Re: Issue 1858: the astonishing behavior of transceiver.stop

Den 12. juli 2018 10:24, skrev Stefan Håkansson LK:
> On 2018-07-10 22:19, Bernard Aboba wrote:
>> As noted in Issue 1858, calling transceiver.stop() when using bundled “m=”
>> sections can have unexpected side effects. For example, BUNDLE Section 7.3.3
>> suggests that an Answerer cannot reject an offerer tagged “m=” section on its
>> own, but instead must reject other “m=” sections.  This implies that if
>> transceiver.stop() does not throw, it will have the side effect of “stopping”
>> all transceivers in the BUNDLE group.
>>
>> Currently the WebRTC 1.0 API provides no mechanism allowing the application to
>> designate which transceiver corresponds to the tagged “m=” section, nor to
>> determine which “m=” section has been tagged (aside from parsing the SDP).
>>    Therefore, the application cannot easily anticipate either potential behavior
>> - throwing or stopping all transceivers in the BUNDLE group.
>>
>> What are the potential alternatives?
>>
>>   1. Document the issue but do not fix it. This approach would effectively
>>      relegate use of transceiver.stop() to scenarios where stopping all
>>      transceivers in the BUNDLE group is a desired outcome.  If that is not the
>>      desired outcome, then causing transceiver.direction to transition to
>>      “inactive” might be better choice, since that causes transceiver.receiver
>>      and transceiver.sender to stop sending while not affecting the operation of
>>      other transceivers.
>>   2. Add a mechanism by which the application can determine which transceiver is
>>      offerer-tagged, but cannot set this attribute.
>>   3. Add mechanisms by which an application can set which transceiver is
>>      offerer-tagged.
>>
>> Discuss.
> 
> I guess that to some extent this depends on the intended use cases for 
> transceiver.stop().

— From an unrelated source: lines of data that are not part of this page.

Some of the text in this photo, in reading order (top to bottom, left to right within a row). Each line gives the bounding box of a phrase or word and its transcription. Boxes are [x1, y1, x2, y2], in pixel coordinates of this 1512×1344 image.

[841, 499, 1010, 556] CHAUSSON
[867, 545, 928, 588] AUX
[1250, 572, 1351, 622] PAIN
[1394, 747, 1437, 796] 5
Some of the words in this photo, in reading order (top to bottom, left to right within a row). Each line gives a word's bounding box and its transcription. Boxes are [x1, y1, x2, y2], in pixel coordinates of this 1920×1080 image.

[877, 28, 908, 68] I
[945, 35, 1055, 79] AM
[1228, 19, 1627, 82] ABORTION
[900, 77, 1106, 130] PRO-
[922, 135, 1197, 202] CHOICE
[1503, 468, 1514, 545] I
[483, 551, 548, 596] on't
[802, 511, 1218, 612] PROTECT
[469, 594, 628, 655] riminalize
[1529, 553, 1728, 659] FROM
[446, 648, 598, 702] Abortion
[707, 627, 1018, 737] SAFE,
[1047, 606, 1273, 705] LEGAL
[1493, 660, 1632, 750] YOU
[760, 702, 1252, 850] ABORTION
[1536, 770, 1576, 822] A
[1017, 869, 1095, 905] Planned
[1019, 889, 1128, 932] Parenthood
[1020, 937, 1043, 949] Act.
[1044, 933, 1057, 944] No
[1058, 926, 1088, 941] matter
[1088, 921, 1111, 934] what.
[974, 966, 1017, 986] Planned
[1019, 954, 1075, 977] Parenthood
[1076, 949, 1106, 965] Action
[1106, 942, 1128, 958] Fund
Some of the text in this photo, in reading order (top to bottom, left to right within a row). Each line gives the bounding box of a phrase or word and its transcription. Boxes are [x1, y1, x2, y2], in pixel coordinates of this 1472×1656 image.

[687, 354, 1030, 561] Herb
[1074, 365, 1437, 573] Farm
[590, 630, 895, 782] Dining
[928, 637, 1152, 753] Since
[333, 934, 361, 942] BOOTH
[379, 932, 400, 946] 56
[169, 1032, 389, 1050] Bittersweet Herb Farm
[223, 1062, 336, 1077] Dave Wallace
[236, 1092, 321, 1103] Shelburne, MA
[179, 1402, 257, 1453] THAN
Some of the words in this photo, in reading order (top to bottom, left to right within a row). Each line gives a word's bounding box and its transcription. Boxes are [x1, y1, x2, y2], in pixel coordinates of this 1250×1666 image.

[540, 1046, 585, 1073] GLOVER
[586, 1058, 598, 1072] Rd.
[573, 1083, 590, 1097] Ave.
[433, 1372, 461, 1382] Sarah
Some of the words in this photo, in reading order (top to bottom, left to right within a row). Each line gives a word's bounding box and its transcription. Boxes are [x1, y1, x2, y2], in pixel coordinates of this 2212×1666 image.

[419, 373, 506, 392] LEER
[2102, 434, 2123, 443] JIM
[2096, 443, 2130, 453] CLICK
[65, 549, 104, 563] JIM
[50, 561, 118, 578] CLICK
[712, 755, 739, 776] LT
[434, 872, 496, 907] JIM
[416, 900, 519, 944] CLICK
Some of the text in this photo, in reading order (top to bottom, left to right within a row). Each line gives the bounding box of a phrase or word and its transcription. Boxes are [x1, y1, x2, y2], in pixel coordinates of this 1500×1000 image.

What use of it do we envision?
> 
> Another question that pops to mind: would the use cases for trx.stop() 
> be compatible with the "max-compat" bundle policy? If so that could be a 
> way to handle this. If not we probably need to look into 2. or 3. above.

My impression of how we ended up with transceiver.stop() was:

- "SDP has special semantics for port=0 on an M-line"
- "We've got to figure out how to set that! Since m-lines are
transceivers, transceiver.<something>. BTW, what does it mean?"
- "It means that the m-line isn't used any more - people use it to stop
things"
- "OK, let's call it transceiver.stop() then".

My take: It's a way to set the port to zero, thereby telling the other
end (which may or may not be webrtc) not to use that media section any
more. We should take the consequences of that, and just follow the rules
for setting a port to zero - including the BUNDLE "yes, this will break"
rule.

It is most useful for dealing with non-WebRTC endpoints, and in those
cases, it's also likely that "max-compat" will be useful.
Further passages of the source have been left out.